Memory | 24 bytes | 24 bytes | 1.600 GB | 240 bytes |

The error and memory usage results are about what I expected, but the runtime measurements were pretty surprising. I expected more of a performance hit on Approach #4, and I did not expect such a large performance hit for the memory usage in Approach #3.

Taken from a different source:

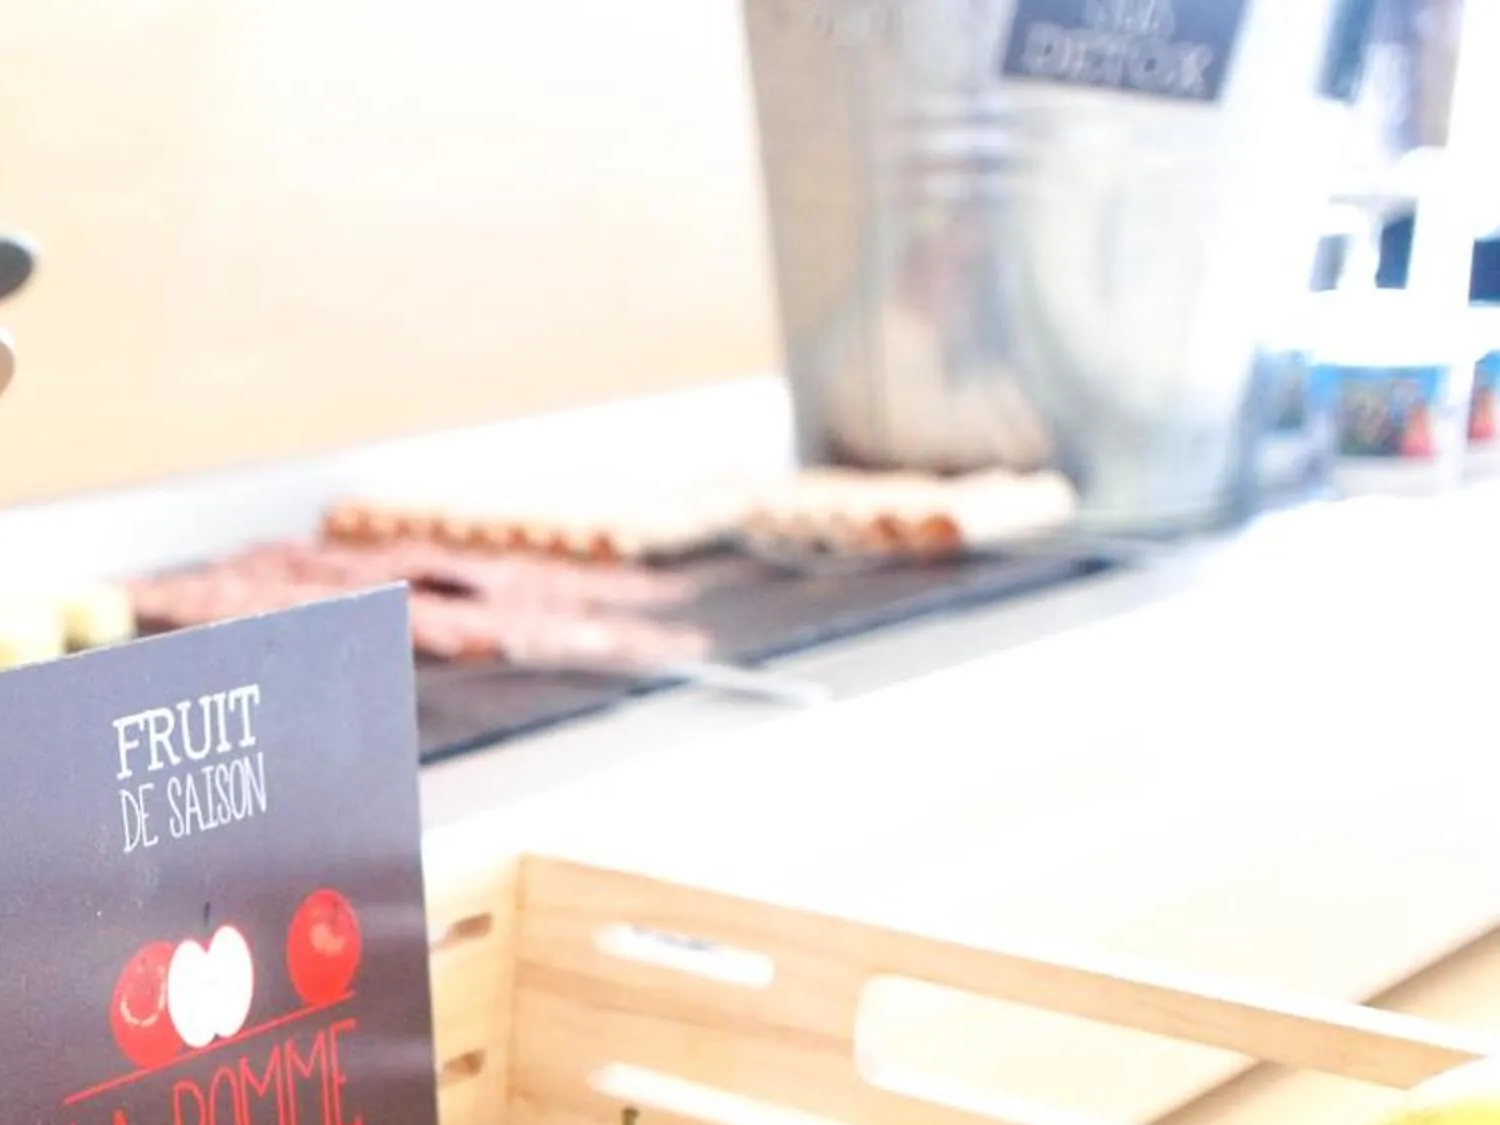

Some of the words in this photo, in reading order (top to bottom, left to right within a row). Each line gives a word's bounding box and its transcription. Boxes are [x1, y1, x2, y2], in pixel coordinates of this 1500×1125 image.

[112, 684, 260, 780] FRUIT
[119, 783, 159, 852] DE
[169, 752, 267, 838] SAISON

*The reason for the relative slowness of Approach #2 has something to do with the Visual Studio compiler, as when I tested it with g++ on Linux, Approach #2 was much faster, about the same as Approach #1.

### Test #2

The second test is to average a list of 50,000,000 copies of 0 followed by 50,000,000 copies of 12345.12345 * 2. This is to test the weak point of Approach #2, and see how it compares. The runtime and memory usage is nearly identical, so those results are left off. The results are in the table below:

Approach #1 | Approach #2 | Approach #3 | Approach #4 | |
---|---|---|---|---|

Error | 0.0000046634486352 | 0.0000000021536834 | 0.0000000000000000 | 0.0000000000000000 |

As expected, there is a small amount of error in the result from Approach #2.

### Conclusion

While it is hard to say that one algorithm is the “best”, I think we can say that Approach #3 is definitely the worst of the 4. As for which of the other ones to use, that is more difficult to say. If you are going for the maximum accuracy, especially while using `float`

s, I think the added complexity of Approach #4 is a worthy trade-off. If you just want good accuracy on a large list of numbers and know that your data is relatively uniform, then Approach #2 makes a lot of sense. If you are just trying to get the average cost of 100 items to the nearest cent, please go with Approach #1 :)

Thanks for reading, I hope you found it interesting!